# Grass clumps from mulch mowing



## adgjqetuo (Oct 21, 2011)

I've read a lot about mulch mowing and it seems like the better way of going over traditional bagging. My mower is designed to go either way - it's only about 3 years old.

My biggest complaint is I'm always having clumps of grass where the tires tracks are. I keep the mower one from the highest setting and try to cut it every 3 days. 

Once the clumps sit for a couple days it turns brown and I have a full lawn of brown lines. I spent 5 hours taking it all up yesterday.

I attached a photo but not sure if it really does it justice for the whole lawn.

Any suggestions?


----------



## djlandkpl (Jan 29, 2013)

Try overlapping the tire tracks so you break up the clumps.


----------



## TarheelTerp (Jan 6, 2009)

How long do you wait between mowings?
It's been a REAL wet spring and grass is growing fast.
I haven't put the mulcher on yet this year (still bagging)

set the blade higher, be SURE it's sharp, cut more often and do a 90 degree pass if it persists


----------



## gregzoll (Dec 25, 2006)

If you are letting it get too tall, or it is a very thick lawn, it could be causing it. I would go rent a motorized de-thatcher and vac, to help the yard.

Do not do it right now, if you are were there is a heatwave, due to it could cause more harm than good. You could though go over with the yard vac and it should pull it up, but may have to use a rake at first to losen up any clumps that are "glued" down.


----------



## djlandkpl (Jan 29, 2013)

If you have a leaf blower hit the clumps after you are done mowing and they'll break up. I had a clumping issue with my last mower and used a blower to get rid of the clumps.

If your mower blade is sharp, you should not have a thatch problem.


----------



## creeper (Mar 11, 2011)

run the clumps over, they will disappear. 

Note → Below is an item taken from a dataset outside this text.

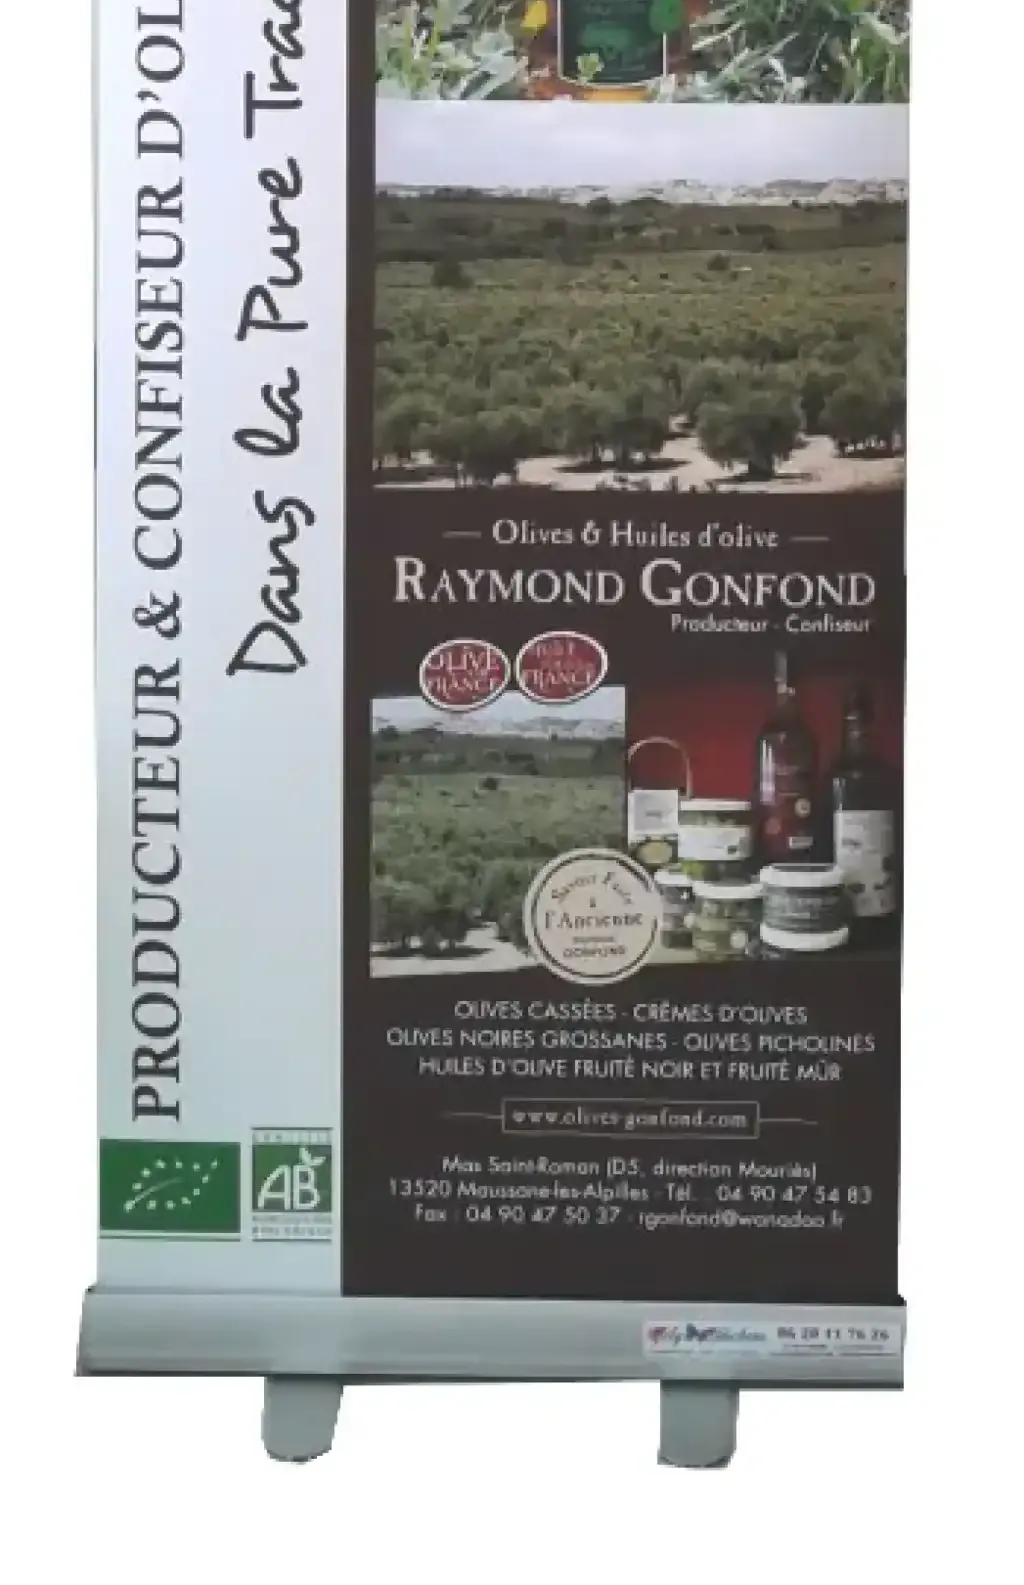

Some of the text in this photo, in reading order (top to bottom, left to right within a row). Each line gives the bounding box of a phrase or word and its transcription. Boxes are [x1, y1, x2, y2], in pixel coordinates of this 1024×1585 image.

In the fall I don't pick a single leave up. Just keep running them over until they are little pieces and by spring they will disappear too. 

In fact they are food for worms, which translates as worm casings, which is natures fertilizer..


----------



## chitownken (Nov 22, 2012)

You might want to try a different blade. I switched to GatorMulcher blades and they do a much better job of cutting up the grass clippings. Keep the mower deck clean so you get proper circulation of the clippings.


----------



## concretemasonry (Oct 10, 2006)

Taking a break after cutting will give the clumps time to dry slightly and the other grass to rebound can make a big difference. After your beer, cut on a 90 degree or diagonal you will have much more uniform cut and you may be able to stretch out the timing between mowing days. - After the second cut, it will be admired by the neighbors, but they will never match it with a single cut.

Dick


----------



## 95025 (Nov 14, 2010)

adgjqetuo said:


> I've read a lot about mulch mowing and it seems like the better way of going over traditional bagging. My mower is designed to go either way - it's only about 3 years old.
> 
> My biggest complaint is I'm always having clumps of grass where the tires tracks are. I keep the mower one from the highest setting and try to cut it every 3 days.
> 
> ...


Mulch-mowing requires near perfect conditions.

You're either letting it get too long between mowing, or mowing when the grass is wet. 

If you're going to successfully mulch, you'll need to mow no more than about 3/4" - 1" off the top.


----------



## Fix'n it (Mar 12, 2012)

and a sharp blade


----------



## biggles (Jan 1, 2008)

reset the mower to lower middle height 12 0' clock your grass is to high to mulch...cuttings at that setting the cuts stay up on top...go one way length wise in the yard with first cut the left to right and with no adjustment..let the mower remulch the lawn within the blade swing not discharging anything out the back or sides if there are doors....


----------



## HARRY304E (Nov 18, 2011)

adgjqetuo said:


> I've read a lot about mulch mowing and it seems like the better way of going over traditional bagging. My mower is designed to go either way - it's only about 3 years old.
> 
> My biggest complaint is I'm always having clumps of grass where the tires tracks are. I keep the mower one from the highest setting and try to cut it every 3 days.
> 
> ...


Make sure you've got a mulching blade and your lawn is dry make sure your blade is sharp too. 

Mow it twice and you'll get great results and a good looking checker board look.


----------



## biggles (Jan 1, 2008)

just to add drop one setting mow it.... then drop another setting till you get to that mid height...dropping it down to the mulching height you'll have a ton of mulched grass....I sometimes get my neighbors newly cut grass and mow that in over and over especially when a heavv rain is predicted...goes right into the roots...2"-3 " high after your cutswill shade the roots and take that mulching


----------